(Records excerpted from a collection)
──────

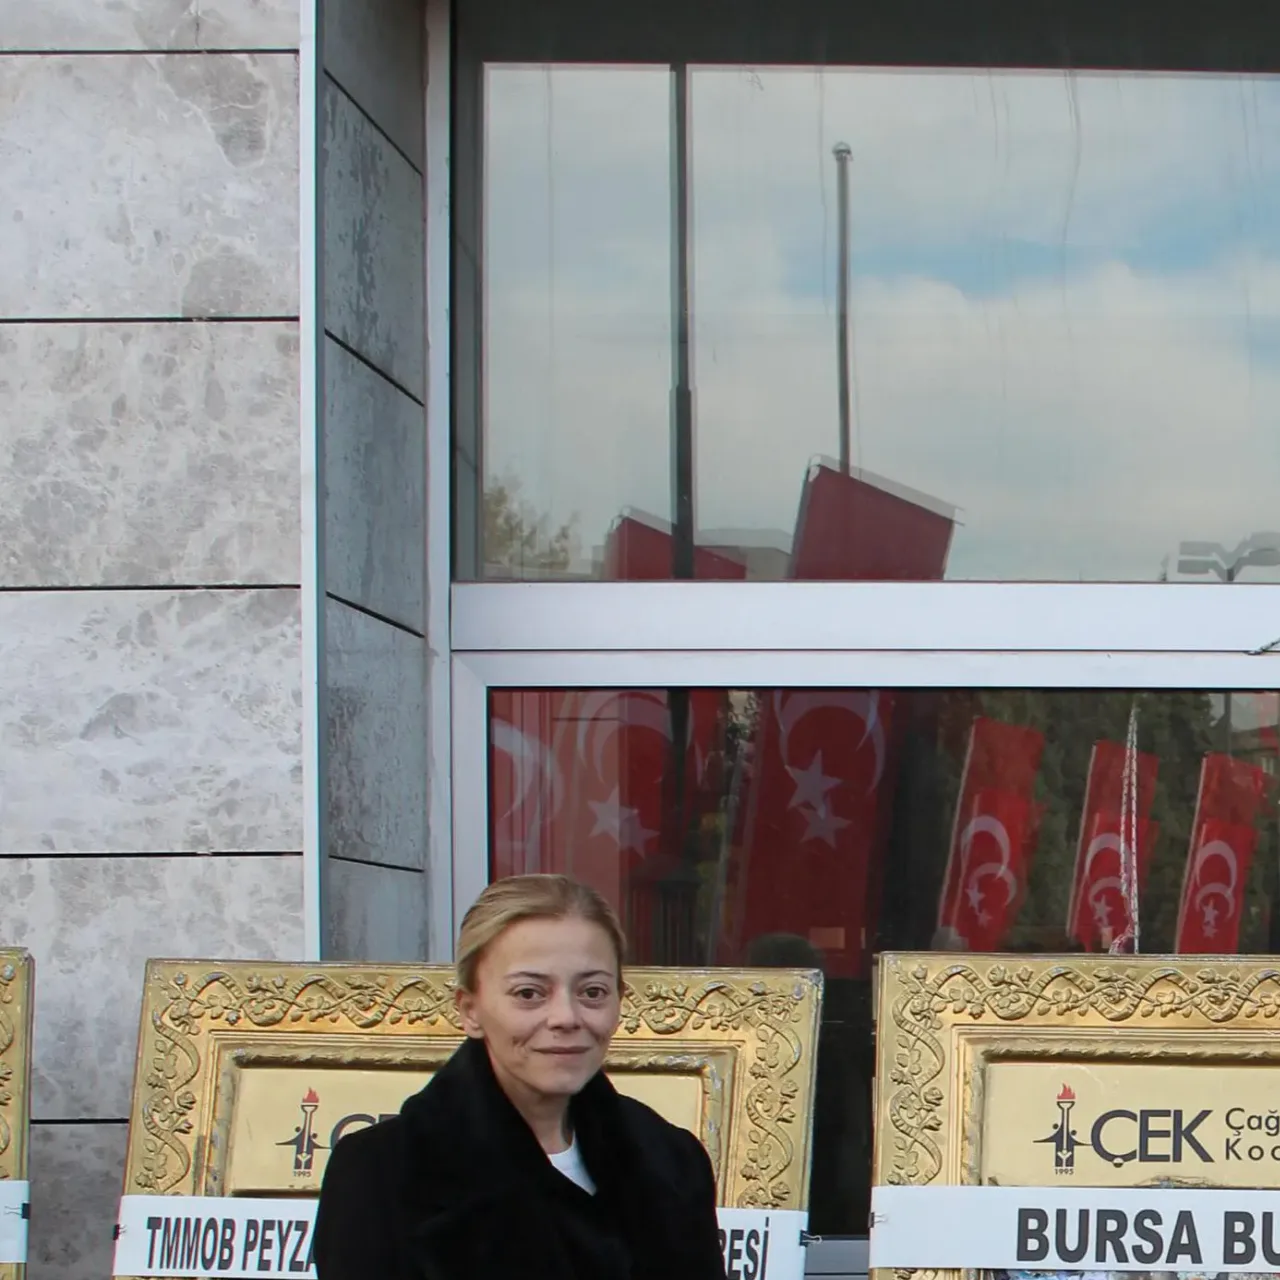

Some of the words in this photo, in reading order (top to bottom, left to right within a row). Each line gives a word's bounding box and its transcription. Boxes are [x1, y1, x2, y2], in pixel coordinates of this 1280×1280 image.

[1091, 1109, 1215, 1168] ÇEK
[292, 1170, 312, 1178] 1995
[1055, 1168, 1074, 1176] 1995
[146, 1216, 236, 1271] TMMOB
[1016, 1207, 1203, 1266] BURSA
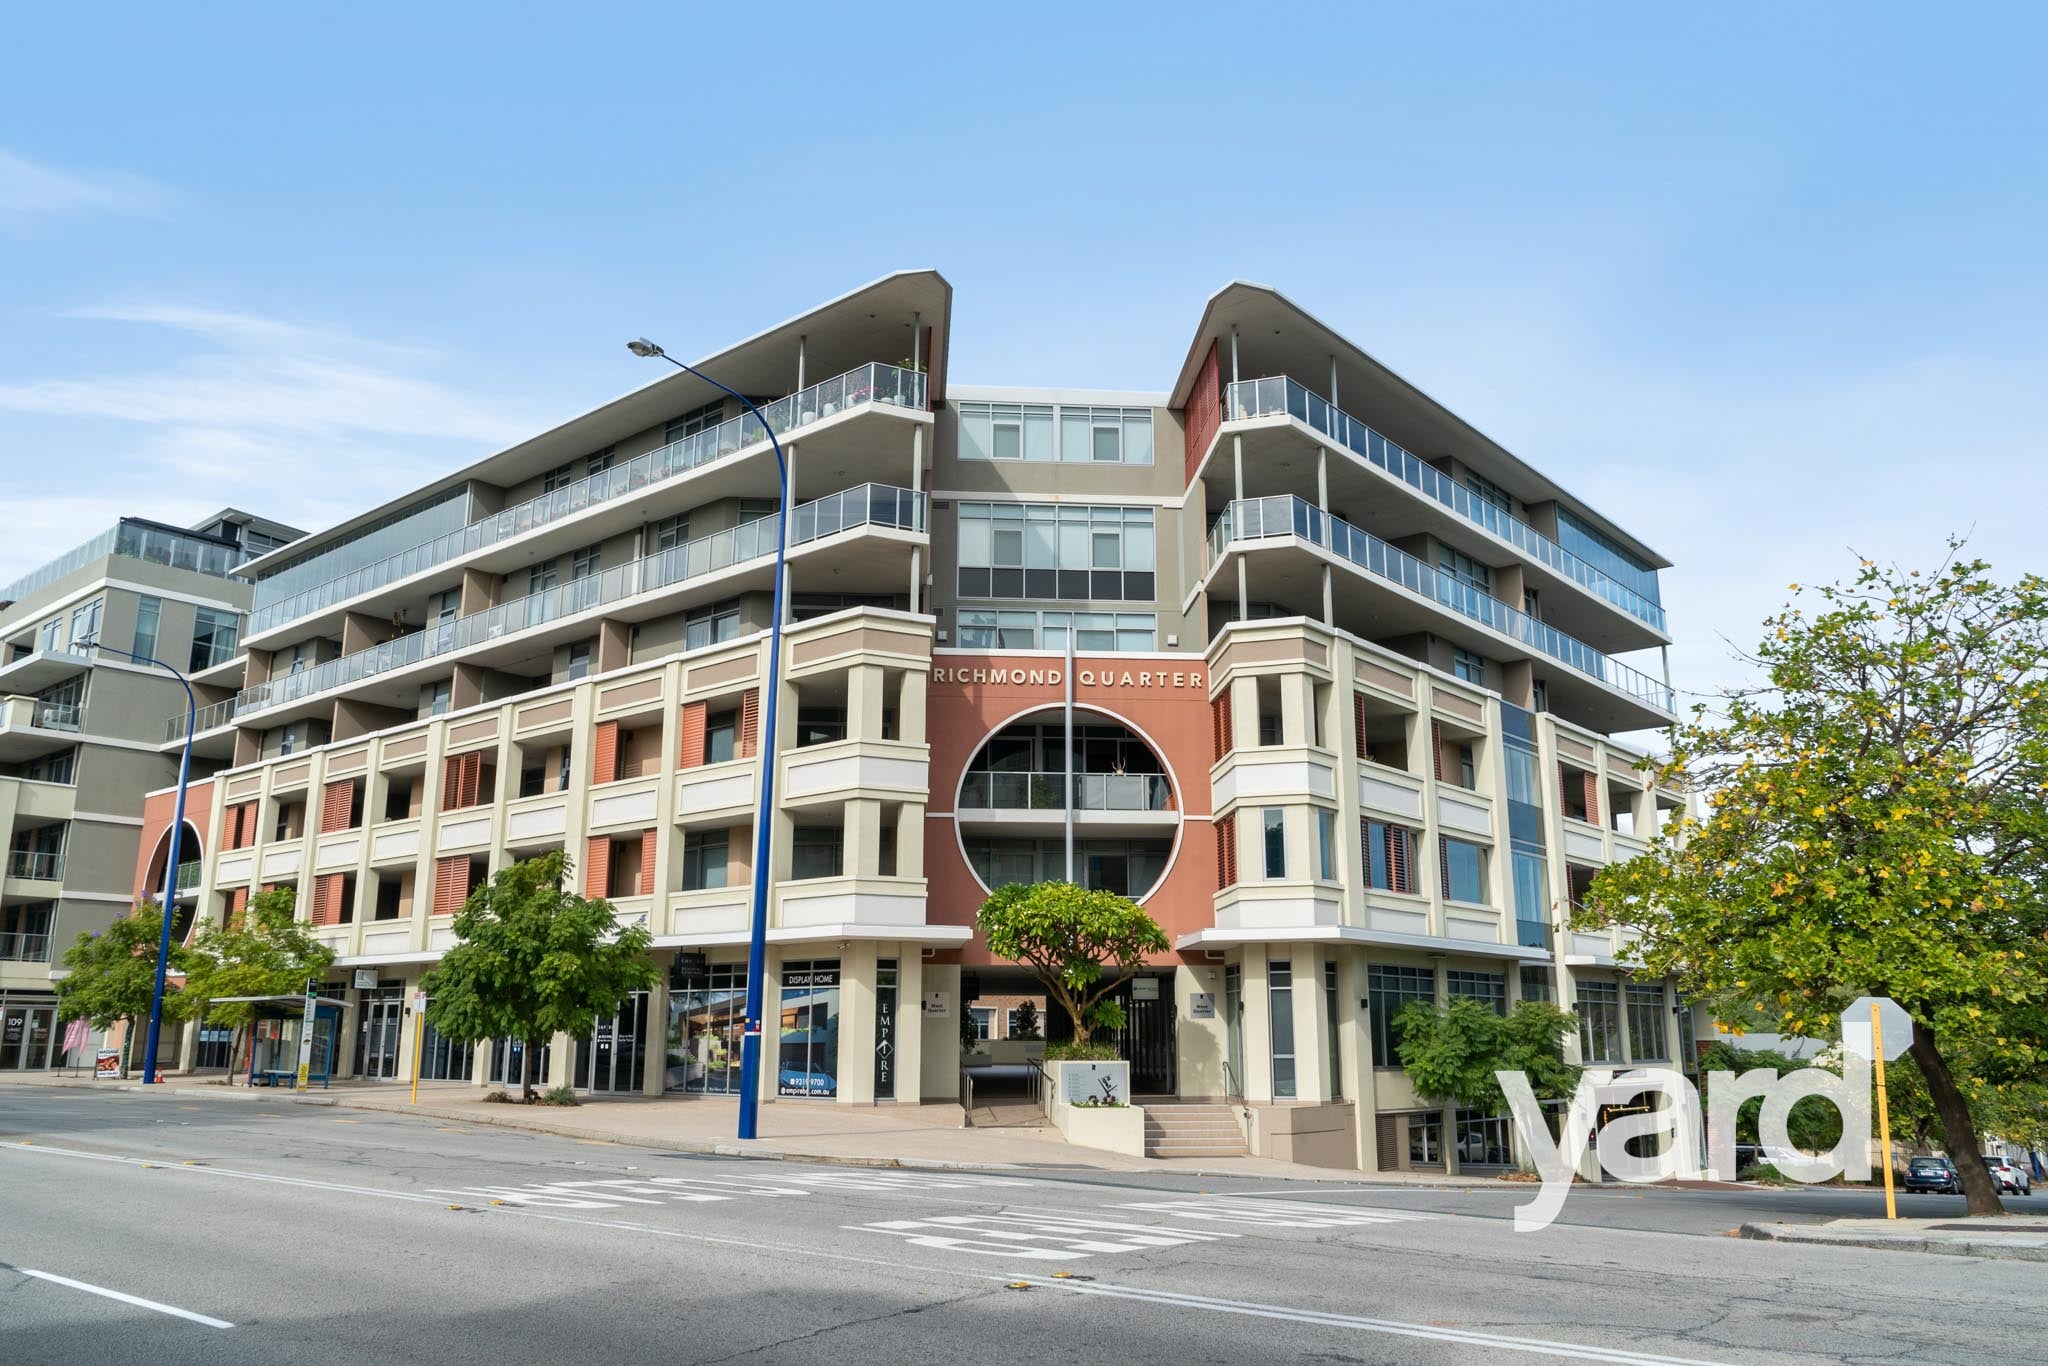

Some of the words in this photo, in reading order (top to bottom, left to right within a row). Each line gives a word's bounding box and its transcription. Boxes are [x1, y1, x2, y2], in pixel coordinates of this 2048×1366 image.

──────

### Problem description
The result should be every entry, word for word, and no pictures.

### Task answer
Some of the words in this photo, in reading order (top to bottom, left to right within a row). Each line gives a word's bounding box and its transcription. Boxes are [x1, y1, x2, y2], in pixel coordinates of this 1280×1280 image.

[1091, 1109, 1215, 1168] ÇEK
[292, 1170, 312, 1178] 1995
[1055, 1168, 1074, 1176] 1995
[146, 1216, 236, 1271] TMMOB
[1016, 1207, 1203, 1266] BURSA

Some of the words in this photo, in reading order (top to bottom, left to right within a row). Each line gives a word's bounding box and its transcription. Boxes are [x1, y1, x2, y2], in pixel coordinates of this 2048×1366 image.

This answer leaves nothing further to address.